▶ **About this exercise**
Please copy out the records that follow, word for word.
(Raw data Opens)
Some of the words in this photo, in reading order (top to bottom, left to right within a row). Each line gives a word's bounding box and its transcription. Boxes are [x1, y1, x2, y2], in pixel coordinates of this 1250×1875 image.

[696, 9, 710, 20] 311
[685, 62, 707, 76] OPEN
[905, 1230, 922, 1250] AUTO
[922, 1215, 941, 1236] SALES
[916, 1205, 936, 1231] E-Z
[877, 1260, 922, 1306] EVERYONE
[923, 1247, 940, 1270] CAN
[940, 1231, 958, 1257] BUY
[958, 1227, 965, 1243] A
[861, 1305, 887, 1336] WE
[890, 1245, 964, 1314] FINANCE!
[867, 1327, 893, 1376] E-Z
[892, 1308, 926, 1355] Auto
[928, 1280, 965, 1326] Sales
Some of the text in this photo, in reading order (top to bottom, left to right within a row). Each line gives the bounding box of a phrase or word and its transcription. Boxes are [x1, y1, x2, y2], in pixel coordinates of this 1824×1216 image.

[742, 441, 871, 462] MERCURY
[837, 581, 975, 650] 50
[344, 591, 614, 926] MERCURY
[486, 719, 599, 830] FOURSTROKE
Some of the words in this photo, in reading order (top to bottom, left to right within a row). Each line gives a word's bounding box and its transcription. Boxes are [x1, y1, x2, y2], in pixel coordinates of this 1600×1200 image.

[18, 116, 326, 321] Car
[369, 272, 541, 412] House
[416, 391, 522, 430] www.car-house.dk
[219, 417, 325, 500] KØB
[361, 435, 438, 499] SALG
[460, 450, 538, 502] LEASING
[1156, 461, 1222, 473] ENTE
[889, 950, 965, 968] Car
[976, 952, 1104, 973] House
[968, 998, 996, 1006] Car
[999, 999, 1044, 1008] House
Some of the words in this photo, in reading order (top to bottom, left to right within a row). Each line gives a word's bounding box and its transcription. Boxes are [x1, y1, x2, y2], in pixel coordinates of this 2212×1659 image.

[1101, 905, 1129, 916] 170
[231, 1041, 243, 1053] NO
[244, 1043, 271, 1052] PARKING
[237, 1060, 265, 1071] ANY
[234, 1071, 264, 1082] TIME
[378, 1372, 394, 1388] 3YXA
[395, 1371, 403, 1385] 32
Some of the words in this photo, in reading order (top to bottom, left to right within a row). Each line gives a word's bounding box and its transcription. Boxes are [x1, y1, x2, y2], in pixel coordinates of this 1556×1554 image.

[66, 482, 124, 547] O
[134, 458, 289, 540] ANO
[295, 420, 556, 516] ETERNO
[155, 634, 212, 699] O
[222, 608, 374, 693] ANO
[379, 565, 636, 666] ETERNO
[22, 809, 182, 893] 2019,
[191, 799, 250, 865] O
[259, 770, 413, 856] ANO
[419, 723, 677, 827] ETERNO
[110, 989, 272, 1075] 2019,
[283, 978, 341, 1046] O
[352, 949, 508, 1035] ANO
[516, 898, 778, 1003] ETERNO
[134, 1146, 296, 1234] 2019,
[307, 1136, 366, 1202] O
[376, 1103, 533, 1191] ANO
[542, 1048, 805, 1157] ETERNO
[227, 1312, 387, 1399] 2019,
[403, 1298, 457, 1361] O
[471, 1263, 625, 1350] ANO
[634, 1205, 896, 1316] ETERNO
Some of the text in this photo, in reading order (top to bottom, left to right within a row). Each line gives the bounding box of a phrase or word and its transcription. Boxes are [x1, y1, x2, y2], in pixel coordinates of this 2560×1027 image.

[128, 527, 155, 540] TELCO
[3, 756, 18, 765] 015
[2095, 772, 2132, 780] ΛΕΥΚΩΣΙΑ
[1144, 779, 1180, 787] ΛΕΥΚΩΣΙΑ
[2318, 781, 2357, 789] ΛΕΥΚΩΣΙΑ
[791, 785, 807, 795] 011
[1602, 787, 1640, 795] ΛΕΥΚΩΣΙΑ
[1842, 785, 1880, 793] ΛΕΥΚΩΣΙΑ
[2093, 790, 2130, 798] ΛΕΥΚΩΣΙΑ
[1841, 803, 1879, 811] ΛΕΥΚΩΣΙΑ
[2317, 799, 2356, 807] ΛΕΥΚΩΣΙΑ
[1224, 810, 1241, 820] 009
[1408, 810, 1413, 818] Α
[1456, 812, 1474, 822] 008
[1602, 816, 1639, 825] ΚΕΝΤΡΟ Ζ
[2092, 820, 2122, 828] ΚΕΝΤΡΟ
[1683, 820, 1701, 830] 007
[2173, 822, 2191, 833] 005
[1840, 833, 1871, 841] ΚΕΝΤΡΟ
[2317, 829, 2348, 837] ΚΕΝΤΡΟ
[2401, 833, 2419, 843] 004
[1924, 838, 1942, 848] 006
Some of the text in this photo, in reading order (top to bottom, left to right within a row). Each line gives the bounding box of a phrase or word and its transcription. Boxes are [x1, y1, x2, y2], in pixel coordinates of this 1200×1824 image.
(Raw data Closes)
▶ **Response for this exercise**
Some of the words in this photo, in reading order (top to bottom, left to right within a row). Each line gives a word's bounding box and its transcription. Boxes are [x1, y1, x2, y2], in pixel coordinates of this 1250×1875 image.

[696, 9, 710, 20] 311
[685, 62, 707, 76] OPEN
[905, 1230, 922, 1250] AUTO
[922, 1215, 941, 1236] SALES
[916, 1205, 936, 1231] E-Z
[877, 1260, 922, 1306] EVERYONE
[923, 1247, 940, 1270] CAN
[940, 1231, 958, 1257] BUY
[958, 1227, 965, 1243] A
[861, 1305, 887, 1336] WE
[890, 1245, 964, 1314] FINANCE!
[867, 1327, 893, 1376] E-Z
[892, 1308, 926, 1355] Auto
[928, 1280, 965, 1326] Sales
Some of the text in this photo, in reading order (top to bottom, left to right within a row). Each line gives the bounding box of a phrase or word and its transcription. Boxes are [x1, y1, x2, y2], in pixel coordinates of this 1824×1216 image.

[742, 441, 871, 462] MERCURY
[837, 581, 975, 650] 50
[344, 591, 614, 926] MERCURY
[486, 719, 599, 830] FOURSTROKE
Some of the words in this photo, in reading order (top to bottom, left to right within a row). Each line gives a word's bounding box and its transcription. Boxes are [x1, y1, x2, y2], in pixel coordinates of this 1600×1200 image.

[18, 116, 326, 321] Car
[369, 272, 541, 412] House
[416, 391, 522, 430] www.car-house.dk
[219, 417, 325, 500] KØB
[361, 435, 438, 499] SALG
[460, 450, 538, 502] LEASING
[1156, 461, 1222, 473] ENTE
[889, 950, 965, 968] Car
[976, 952, 1104, 973] House
[968, 998, 996, 1006] Car
[999, 999, 1044, 1008] House
Some of the words in this photo, in reading order (top to bottom, left to right within a row). Each line gives a word's bounding box and its transcription. Boxes are [x1, y1, x2, y2], in pixel coordinates of this 2212×1659 image.

[1101, 905, 1129, 916] 170
[231, 1041, 243, 1053] NO
[244, 1043, 271, 1052] PARKING
[237, 1060, 265, 1071] ANY
[234, 1071, 264, 1082] TIME
[378, 1372, 394, 1388] 3YXA
[395, 1371, 403, 1385] 32
Some of the words in this photo, in reading order (top to bottom, left to right within a row). Each line gives a word's bounding box and its transcription. Boxes are [x1, y1, x2, y2], in pixel coordinates of this 1556×1554 image.

[66, 482, 124, 547] O
[134, 458, 289, 540] ANO
[295, 420, 556, 516] ETERNO
[155, 634, 212, 699] O
[222, 608, 374, 693] ANO
[379, 565, 636, 666] ETERNO
[22, 809, 182, 893] 2019,
[191, 799, 250, 865] O
[259, 770, 413, 856] ANO
[419, 723, 677, 827] ETERNO
[110, 989, 272, 1075] 2019,
[283, 978, 341, 1046] O
[352, 949, 508, 1035] ANO
[516, 898, 778, 1003] ETERNO
[134, 1146, 296, 1234] 2019,
[307, 1136, 366, 1202] O
[376, 1103, 533, 1191] ANO
[542, 1048, 805, 1157] ETERNO
[227, 1312, 387, 1399] 2019,
[403, 1298, 457, 1361] O
[471, 1263, 625, 1350] ANO
[634, 1205, 896, 1316] ETERNO
Some of the text in this photo, in reading order (top to bottom, left to right within a row). Each line gives the bounding box of a phrase or word and its transcription. Boxes are [x1, y1, x2, y2], in pixel coordinates of this 2560×1027 image.

[128, 527, 155, 540] TELCO
[3, 756, 18, 765] 015
[2095, 772, 2132, 780] ΛΕΥΚΩΣΙΑ
[1144, 779, 1180, 787] ΛΕΥΚΩΣΙΑ
[2318, 781, 2357, 789] ΛΕΥΚΩΣΙΑ
[791, 785, 807, 795] 011
[1602, 787, 1640, 795] ΛΕΥΚΩΣΙΑ
[1842, 785, 1880, 793] ΛΕΥΚΩΣΙΑ
[2093, 790, 2130, 798] ΛΕΥΚΩΣΙΑ
[1841, 803, 1879, 811] ΛΕΥΚΩΣΙΑ
[2317, 799, 2356, 807] ΛΕΥΚΩΣΙΑ
[1224, 810, 1241, 820] 009
[1408, 810, 1413, 818] Α
[1456, 812, 1474, 822] 008
[1602, 816, 1639, 825] ΚΕΝΤΡΟ Ζ
[2092, 820, 2122, 828] ΚΕΝΤΡΟ
[1683, 820, 1701, 830] 007
[2173, 822, 2191, 833] 005
[1840, 833, 1871, 841] ΚΕΝΤΡΟ
[2317, 829, 2348, 837] ΚΕΝΤΡΟ
[2401, 833, 2419, 843] 004
[1924, 838, 1942, 848] 006
Some of the text in this photo, in reading order (top to bottom, left to right within a row). Each line gives the bounding box of a phrase or word and its transcription. Boxes are [x1, y1, x2, y2], in pixel coordinates of this 1200×1824 image.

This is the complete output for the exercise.